Work to be completed: Word for word, copy the records and drop the pictures.

Source data:
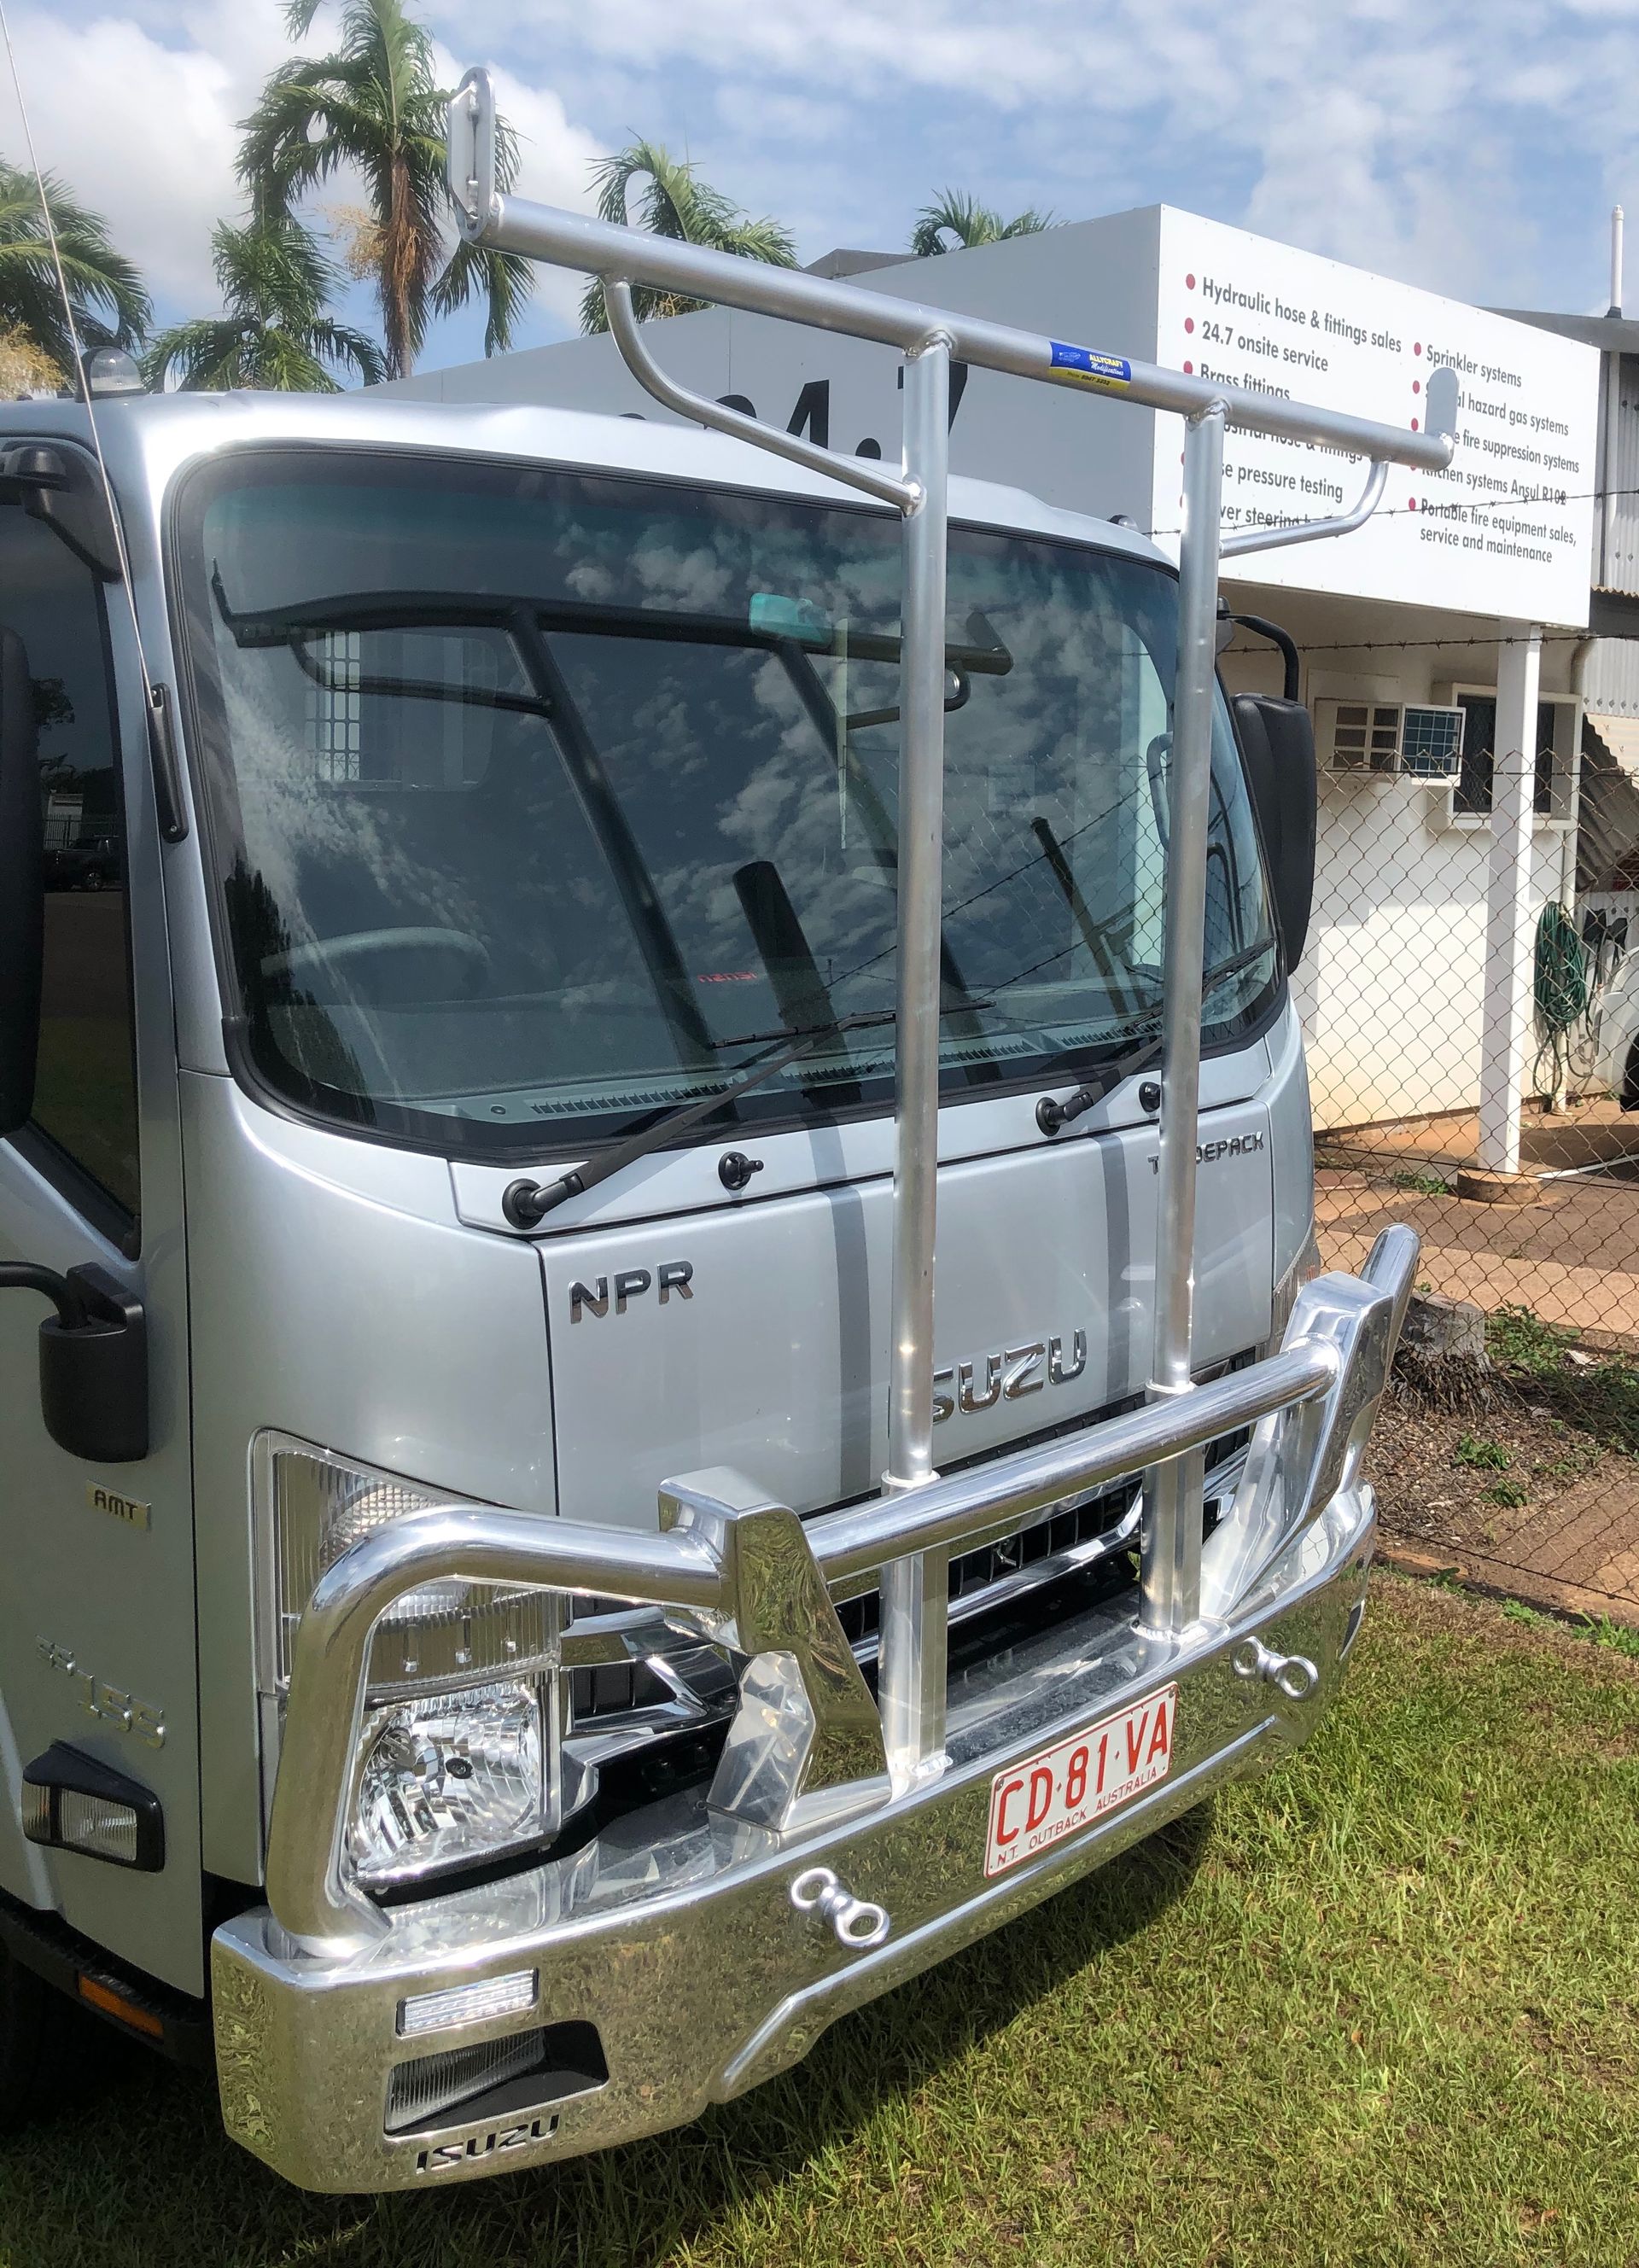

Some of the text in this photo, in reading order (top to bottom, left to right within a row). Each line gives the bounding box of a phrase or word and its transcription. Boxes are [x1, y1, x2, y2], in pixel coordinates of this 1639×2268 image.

[1203, 277, 1402, 353] Hydraulic hose & fittings sales
[1202, 320, 1328, 372] 24.7 onsite service
[1426, 344, 1522, 388] Sprinkler systems
[1200, 364, 1239, 388] Brass
[1468, 393, 1507, 419] hazard
[1509, 409, 1528, 426] gas
[1531, 415, 1569, 436] systems
[1463, 429, 1480, 449] fire
[1483, 439, 1541, 464] suppression
[1543, 454, 1580, 473] systems
[1238, 466, 1296, 490] pressure
[1300, 475, 1343, 504] testing
[1467, 473, 1508, 493] systems
[1511, 479, 1539, 501] Ansul
[1421, 498, 1577, 547] Portable fire equipment sales,
[1420, 528, 1553, 563] service and maintenance
[1147, 1131, 1264, 1175] TDEPACK
[568, 1260, 694, 1325] NPR
[888, 1326, 1088, 1441] SUZU
[94, 1489, 138, 1521] AMT
[1029, 1806, 1088, 1850] OUTBACK
[1094, 1766, 1158, 1814] AUSTRALIA
[417, 2113, 560, 2175] ISUZU

Answer space:
Some of the text in this photo, in reading order (top to bottom, left to right within a row). Each line gives the bounding box of a phrase or word and its transcription. Boxes are [x1, y1, x2, y2], in pixel coordinates of this 1639×2268 image.

[1203, 277, 1402, 353] Hydraulic hose & fittings sales
[1202, 320, 1328, 372] 24.7 onsite service
[1426, 344, 1522, 388] Sprinkler systems
[1200, 364, 1239, 388] Brass
[1468, 393, 1507, 419] hazard
[1509, 409, 1528, 426] gas
[1531, 415, 1569, 436] systems
[1463, 429, 1480, 449] fire
[1483, 439, 1541, 464] suppression
[1543, 454, 1580, 473] systems
[1238, 466, 1296, 490] pressure
[1300, 475, 1343, 504] testing
[1467, 473, 1508, 493] systems
[1511, 479, 1539, 501] Ansul
[1421, 498, 1577, 547] Portable fire equipment sales,
[1420, 528, 1553, 563] service and maintenance
[1147, 1131, 1264, 1175] TDEPACK
[568, 1260, 694, 1325] NPR
[888, 1326, 1088, 1441] SUZU
[94, 1489, 138, 1521] AMT
[1029, 1806, 1088, 1850] OUTBACK
[1094, 1766, 1158, 1814] AUSTRALIA
[417, 2113, 560, 2175] ISUZU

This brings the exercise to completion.